いちおう高速NVMe SSDです。(環境が簡単に変えられないので、RAM DISK計測は保留します)

---Start FILE / process comm ---
<Master prepare> start:<Master prepare> STOP in 0.04688 sec
<load MNIST dataset> start:<load MNIST dataset> STOP in 1.37500 sec
<Master dumps> start:<Master dumps> STOP in 0.92188 sec
<<Master throughput>> start:<Master send> start:<Master send> STOP in 1.03125 sec
#1:Slave recv-decode-load# start:#2:Slave recv# start:#2:Slave recv# STOP in 1.09375 sec
#3:Slave loads# start:#3:Slave loads# STOP in 1.07812 sec
#1:Slave recv-decode-load# STOP in 2.17188 sec
#4:Slave dumps# start:#4:Slave dumps# STOP in 0.90625 sec
#5:Slave send# start:#5:Slave send# STOP in 1.06250 sec
<Master recv> start:<Master recv> STOP in 1.09375 sec
<Master decode> start:<Master decode> STOP in 0.89062 sec
<<Master throughput>> STOP in 7.20312 sec
Validation OK!

Process finished with exit code 0

総評：

非同期処理との処理速度比較がうまくできなかったので、最小限のタイミング同期をとって計測しました。

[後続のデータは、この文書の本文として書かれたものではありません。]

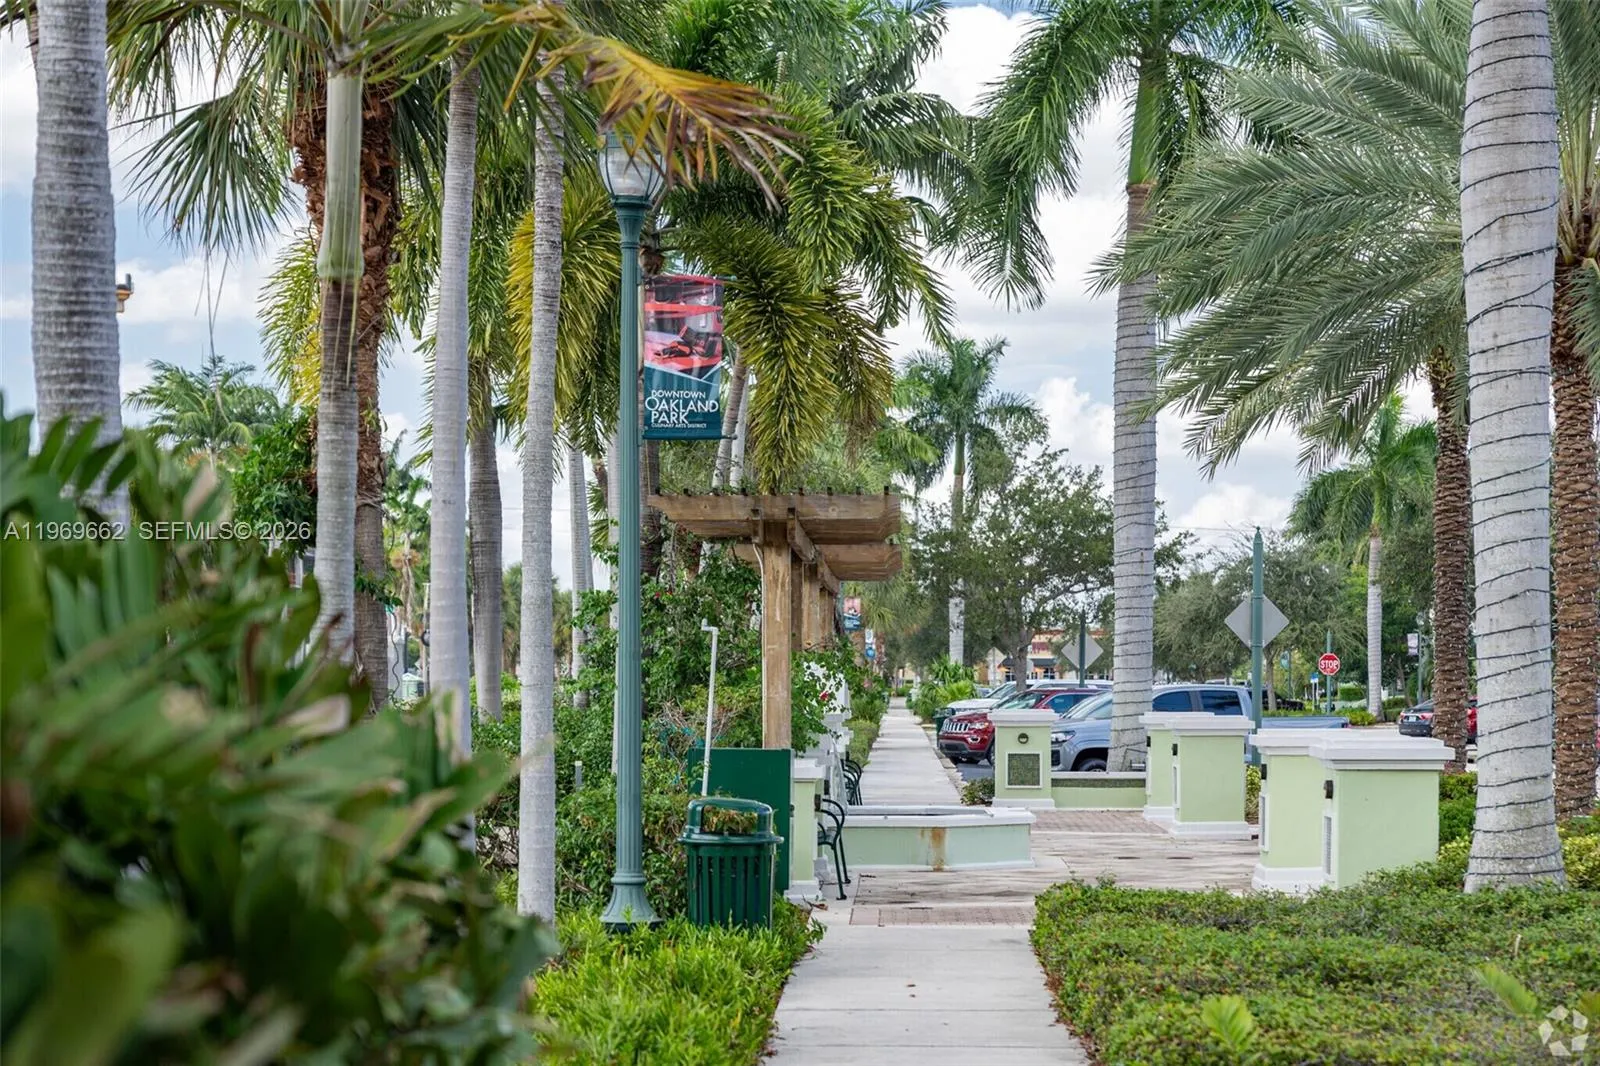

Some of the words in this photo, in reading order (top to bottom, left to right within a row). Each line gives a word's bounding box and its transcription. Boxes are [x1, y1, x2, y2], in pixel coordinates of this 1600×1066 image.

[651, 389, 706, 399] DOWNTOWN
[645, 396, 719, 413] OAKLAND
[651, 410, 689, 424] PARK
[1320, 659, 1339, 669] STOP

比較対象はマスター送信開始から、スレーブ側でのオブジェクト送信復元までの時間です。（結果の赤色行部分です。）マスター側の「みかけ上のスループット」も参考までに記載します。（パイプなどの非同期は処理が完了していなくても比較直前まで到達するので、あくまで参考値です）

順位#	処理の種類	スレーブ側での復元処理まで(sec)	マスター側の見かけ上スループット(sec)	※備考
1🏆	名前付きパイプ	1.17188	0.37500	.
2🥈	MMAP	1.39062	2.29688	.
2🥈	MPI	1.39062	3.59375	.
4	標準入出力の接続	1.73438	2.26562	.
5	TCP/IP	1.87500	1.00000	.
6	ファイル渡し(SSD)	2.17188	7.20312	.
番外	キュー接続	1.14062	1.51562	わたくしの要件を満たす動作条件でないため、順位判定から除外。